Compressing Songs: You and a partner will try to compress a song by finding patterns you can exploit. Compare your results with other groups that tried to compress the same song As you are compressing songs, try to develop a general strategy that will lead to a good compression rate every time. Think about What makes doing this compression hard?

Compression Challenges You can start in lots of different ways. Early choices affect later ones. Once you find one set of patterns, others emerge. There is a tipping point: you might be making progress compressing, but at some point the scale tips and the dictionary starts to get so big that you lose the benefit of having it. But then you might start re-thinking the dictionary to tweak some bits out. Do we think that these compression amounts that we’ve found are the best? Is there a way to know what the best compression is? BRUTE FORCE Is there a process a person can follow to find the best (or a pretty good) compression for a piece of text?
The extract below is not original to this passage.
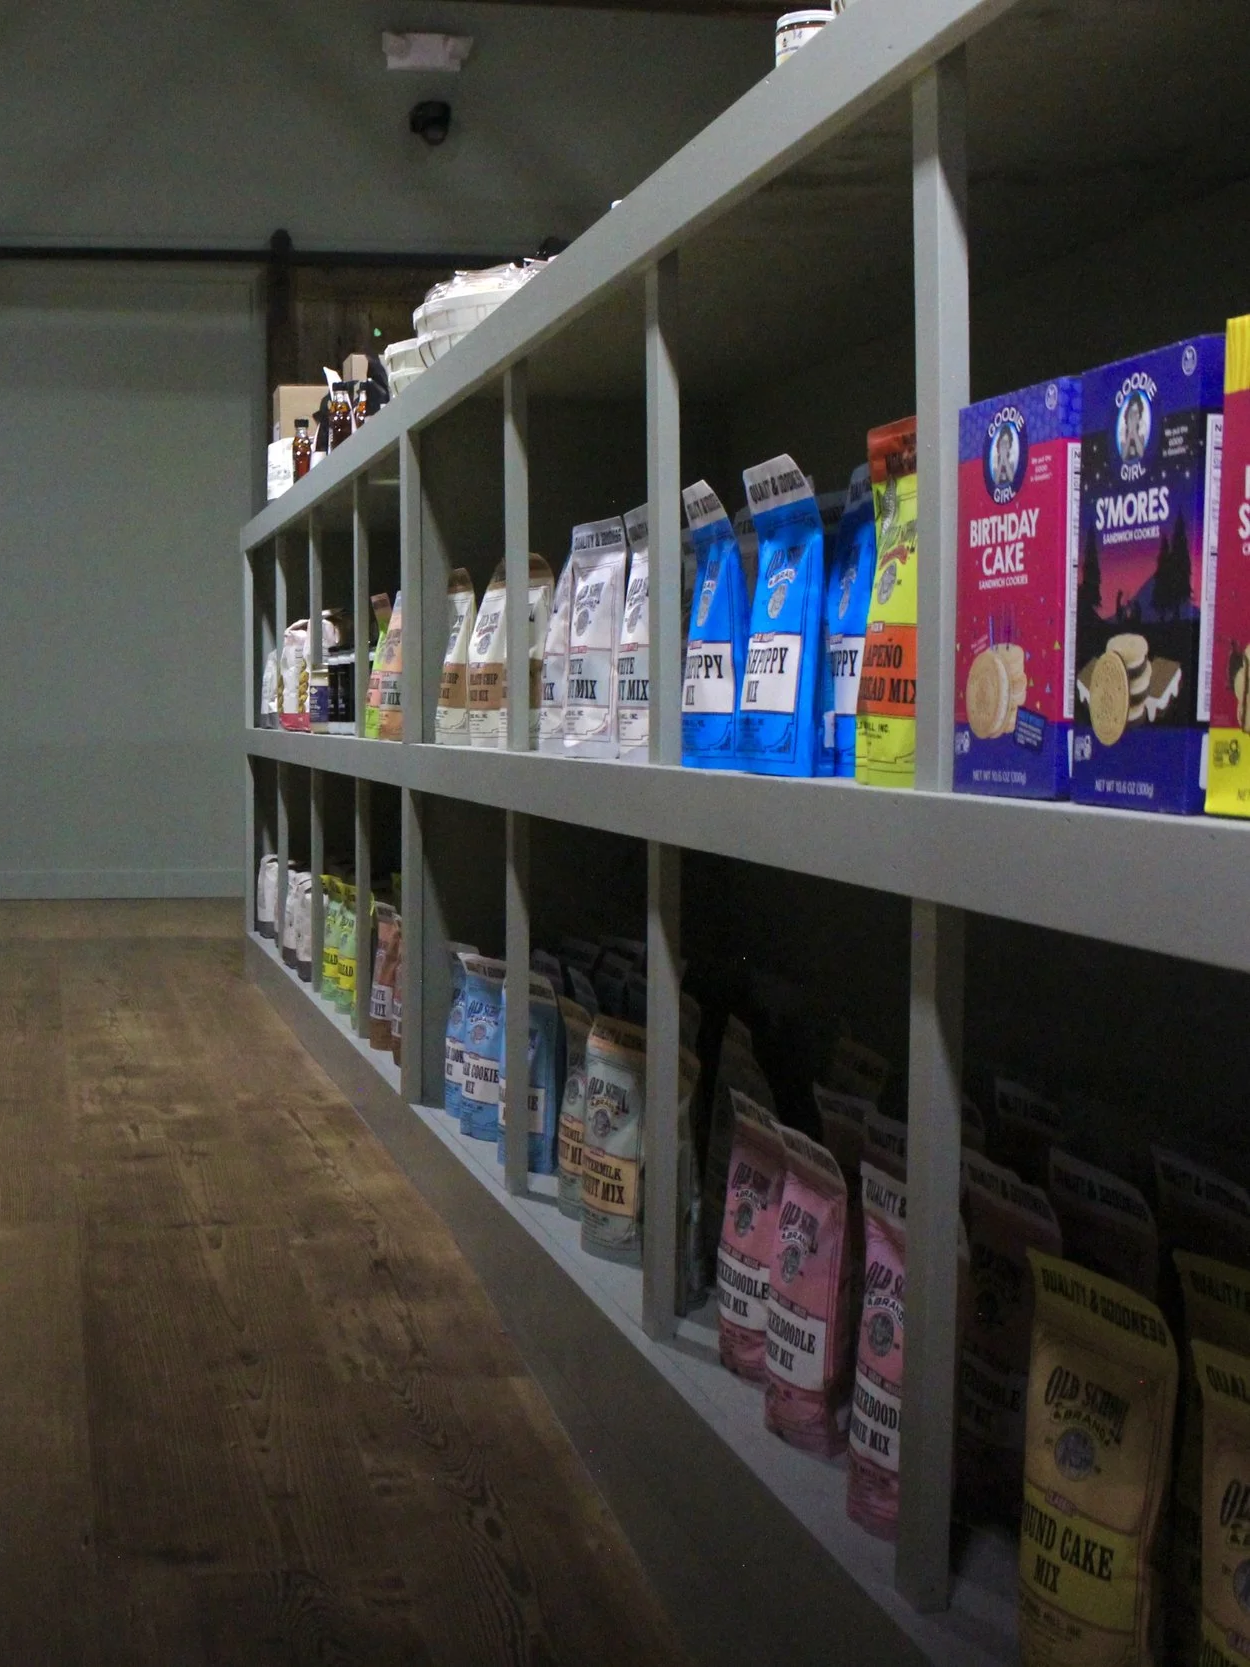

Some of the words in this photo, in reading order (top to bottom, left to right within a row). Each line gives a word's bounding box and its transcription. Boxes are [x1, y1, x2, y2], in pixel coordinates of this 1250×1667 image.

Developing a Heuristic:  Heuristic a problem solving approach (typically an algorithm) to find a satisfactory solution where finding an optimal or exact solution is impractical or impossible. Continue working on compressing your poem using the Text Compression Widget. As you do so, develop a set of rules, or a “heuristic” that generally seems to provide good results. Record your heuristic as a list of steps that someone else unfamiliar with the problem could follow and still end up with decent compression. Don’t be specific to the song you are compressing

Heuristic Discussion: Do you think it’s possible to describe (or write) a specific set of instructions that a person could follow that would always result in better text compression than your heuristic? Why or why not? Some compression programs (like zip) do a great job if the file is sufficiently large and has reasonable amounts of repetition. However, it is also possible to create a “compressed file” that is larger than the original because the heuristic does work in every single case. Is there a way to know that a compressed piece of text is compressed the most possible? If yes, describe how you could determine it. If no, why not? No perfect solution. The size and shape of the data will determine what the “best” answer is and we often cannot even be sure it is the best answer (only that it is better than other answers we have tried.)
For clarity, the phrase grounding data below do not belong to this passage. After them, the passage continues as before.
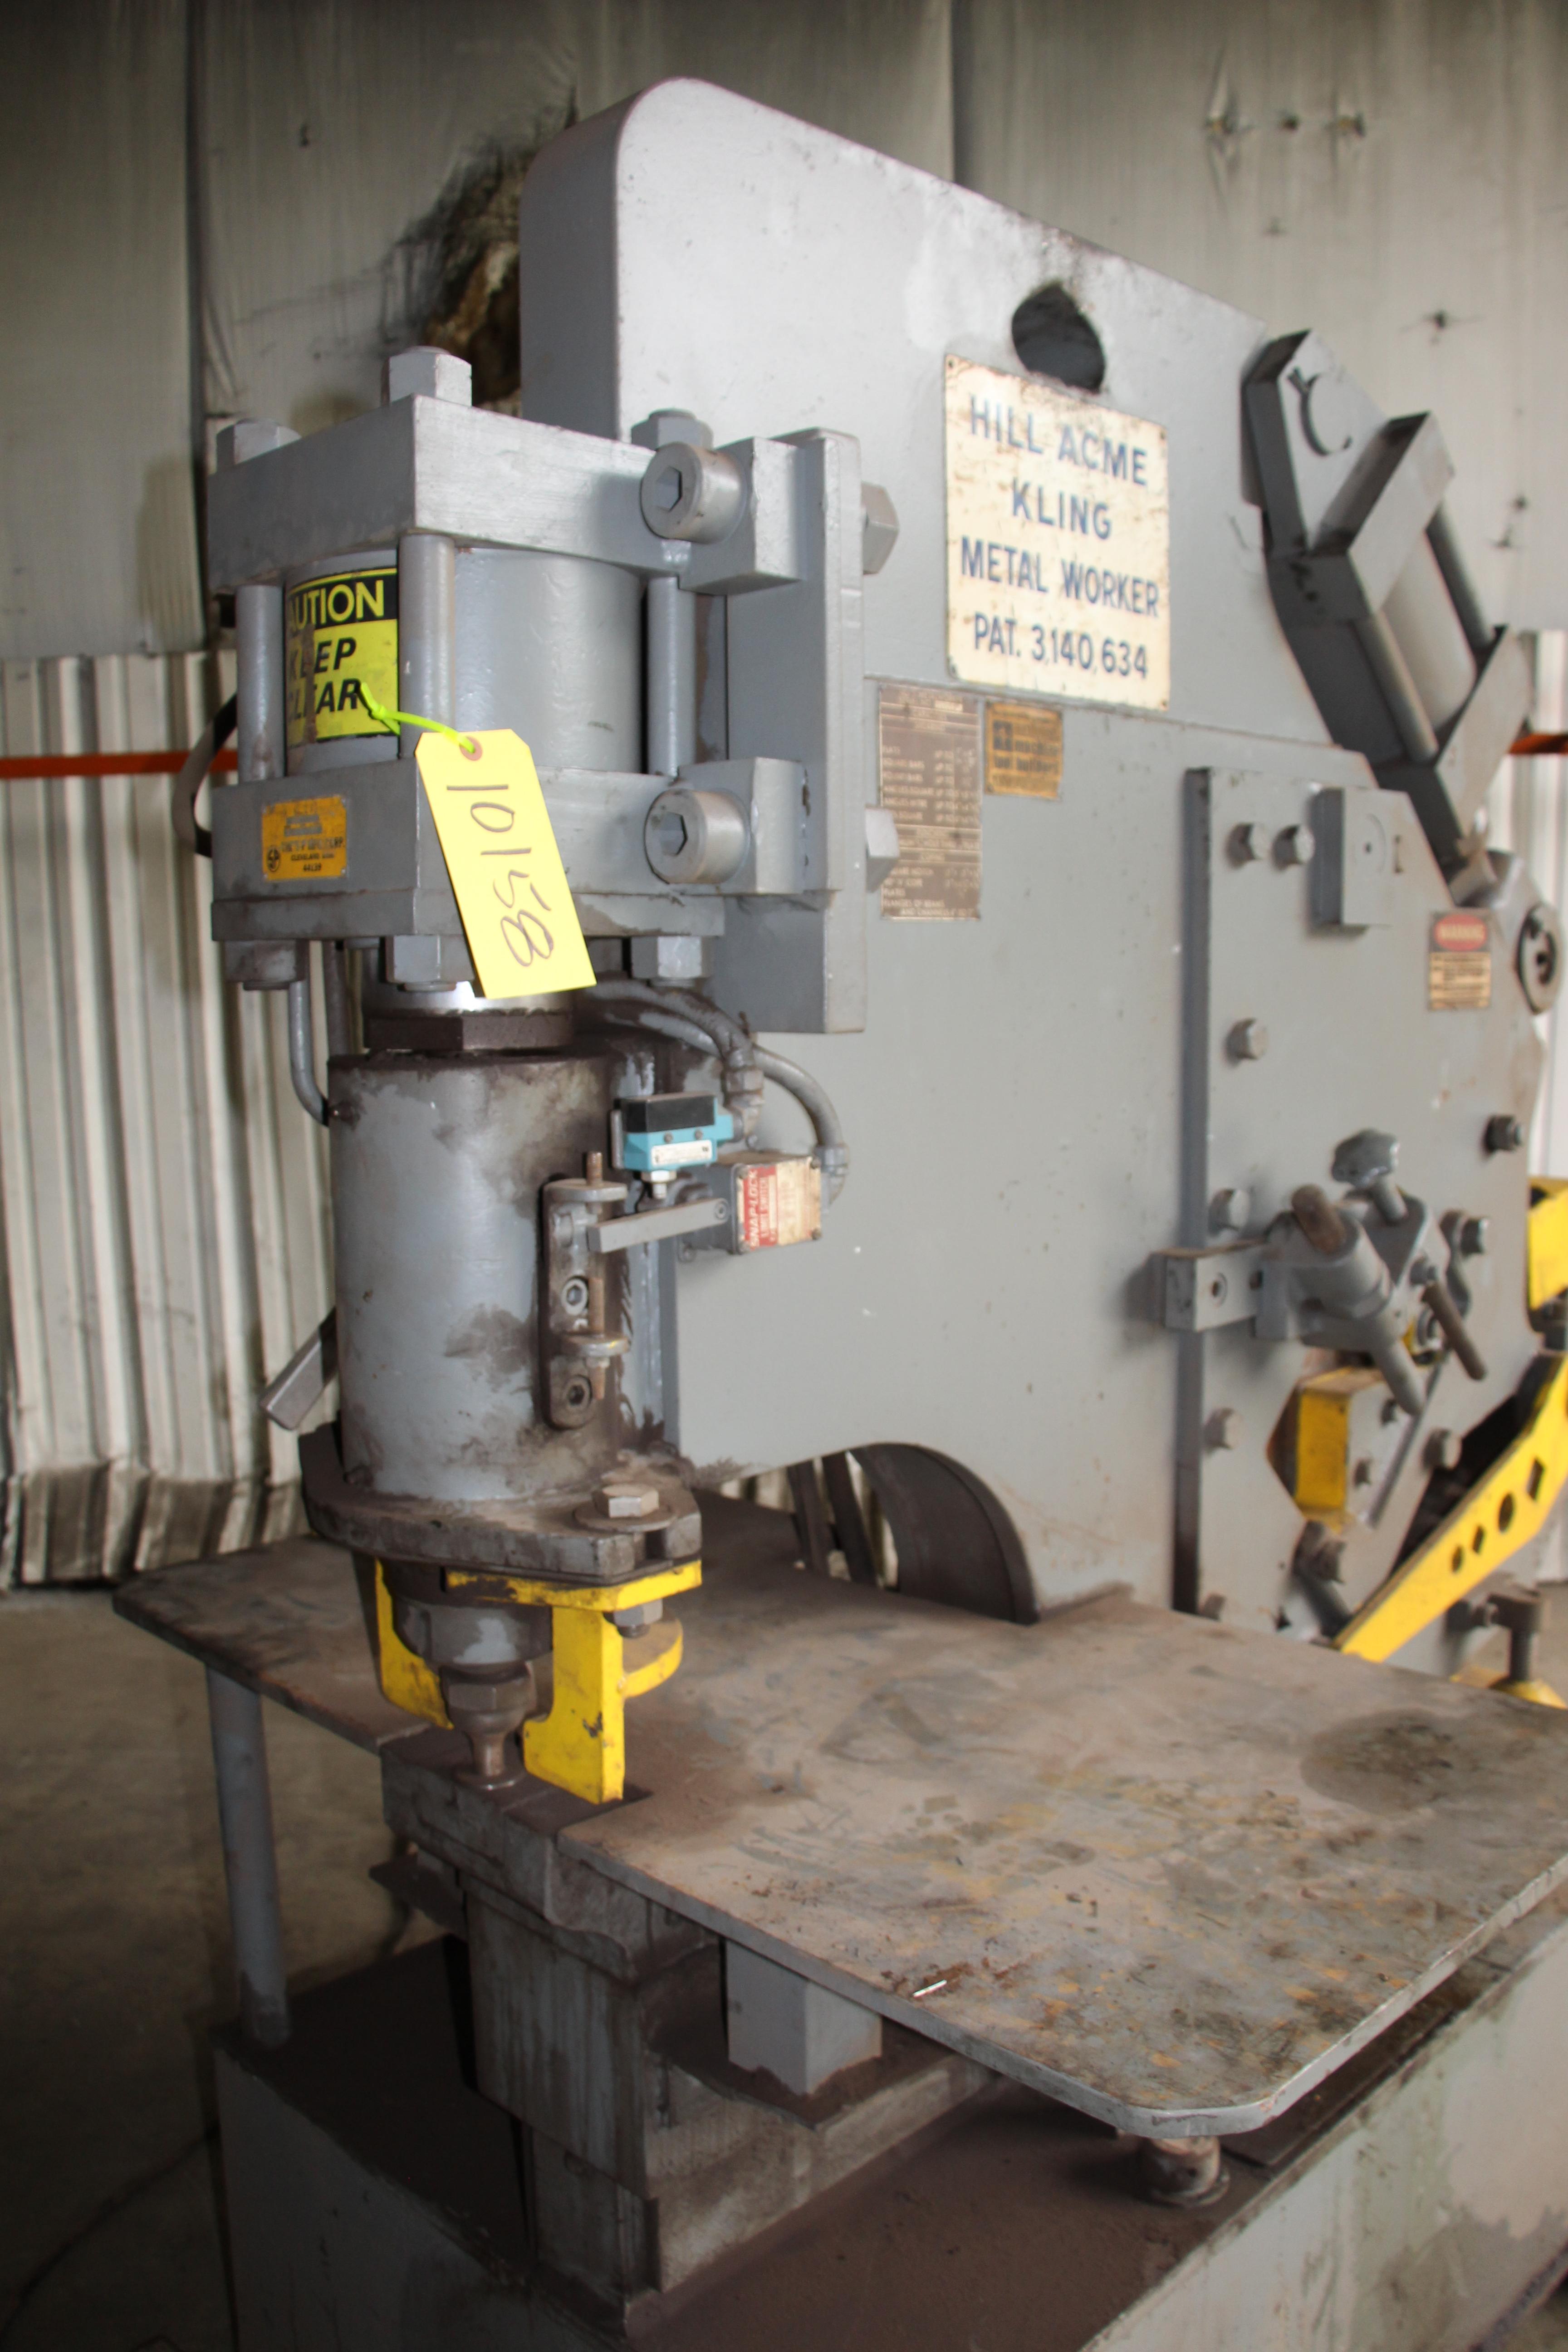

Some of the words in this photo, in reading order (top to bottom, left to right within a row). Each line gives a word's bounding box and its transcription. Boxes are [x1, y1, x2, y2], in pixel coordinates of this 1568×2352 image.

[969, 395, 1044, 455] HILL
[1058, 424, 1148, 486] ACME
[1012, 477, 1112, 540] KLING
[961, 536, 1049, 593] METAL
[1062, 558, 1159, 617] WORKER
[974, 612, 1021, 658] PAT.
[446, 784, 554, 967] 10158
LZW Compression(ZIP): There is a compression algorithm called LZW compression upon which the common “zip” utility is based. Zip compression does something very similar to what you did today with the text compression widget. Zip works really well for text, but only on large files. If you try to compress the simple hello.txt file we used in a previous lesson, you'll see the resulting file is actually bigger. Zip is meant for text. It might not work well on non-text files very well because they are already compressed or don’t have the same kinds of embedded patterns that text documents do.

Wrap-Up: You should recognize that we can exploit patterns to compress our data. When we find patterns we can use abstraction(patterns referring to other patterns) to compress our message/data even further. What is Lossless Compression v. Lossy Compression? What is a heuristic?